Work to complete
Please set down, word for word, each line from the one containing "Some of the words" through the final line of the records below, both included, and nothing else.
═══ Records provided ═══
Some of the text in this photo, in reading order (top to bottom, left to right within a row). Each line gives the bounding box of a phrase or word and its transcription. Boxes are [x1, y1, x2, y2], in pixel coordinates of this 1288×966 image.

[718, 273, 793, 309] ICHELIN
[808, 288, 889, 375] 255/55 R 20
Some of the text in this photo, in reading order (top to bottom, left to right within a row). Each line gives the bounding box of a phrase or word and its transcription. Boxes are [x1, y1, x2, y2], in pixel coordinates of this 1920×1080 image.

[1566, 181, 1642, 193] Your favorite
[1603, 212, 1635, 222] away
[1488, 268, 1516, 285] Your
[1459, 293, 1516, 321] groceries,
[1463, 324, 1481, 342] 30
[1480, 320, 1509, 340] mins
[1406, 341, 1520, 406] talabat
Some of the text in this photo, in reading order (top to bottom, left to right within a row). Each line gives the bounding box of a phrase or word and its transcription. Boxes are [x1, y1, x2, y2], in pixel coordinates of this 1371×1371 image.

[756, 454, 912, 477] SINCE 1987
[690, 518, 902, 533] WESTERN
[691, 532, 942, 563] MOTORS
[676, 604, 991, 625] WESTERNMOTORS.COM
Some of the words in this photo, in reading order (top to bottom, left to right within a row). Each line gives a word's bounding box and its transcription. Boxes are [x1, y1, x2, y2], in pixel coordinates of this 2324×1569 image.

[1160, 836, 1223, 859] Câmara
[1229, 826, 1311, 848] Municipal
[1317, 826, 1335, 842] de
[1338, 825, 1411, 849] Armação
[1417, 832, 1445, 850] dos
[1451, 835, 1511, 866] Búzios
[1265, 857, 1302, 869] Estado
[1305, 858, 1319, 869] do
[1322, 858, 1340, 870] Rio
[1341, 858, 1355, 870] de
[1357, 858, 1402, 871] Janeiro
═══
Exercise answer
Some of the words in this photo, in reading order (top to bottom, left to right within a row). Each line gives a word's bounding box and its transcription. Boxes are [x1, y1, x2, y2], in pixel coordinates of this 2324×1569 image.

[1160, 836, 1223, 859] Câmara
[1229, 826, 1311, 848] Municipal
[1317, 826, 1335, 842] de
[1338, 825, 1411, 849] Armação
[1417, 832, 1445, 850] dos
[1451, 835, 1511, 866] Búzios
[1265, 857, 1302, 869] Estado
[1305, 858, 1319, 869] do
[1322, 858, 1340, 870] Rio
[1341, 858, 1355, 870] de
[1357, 858, 1402, 871] Janeiro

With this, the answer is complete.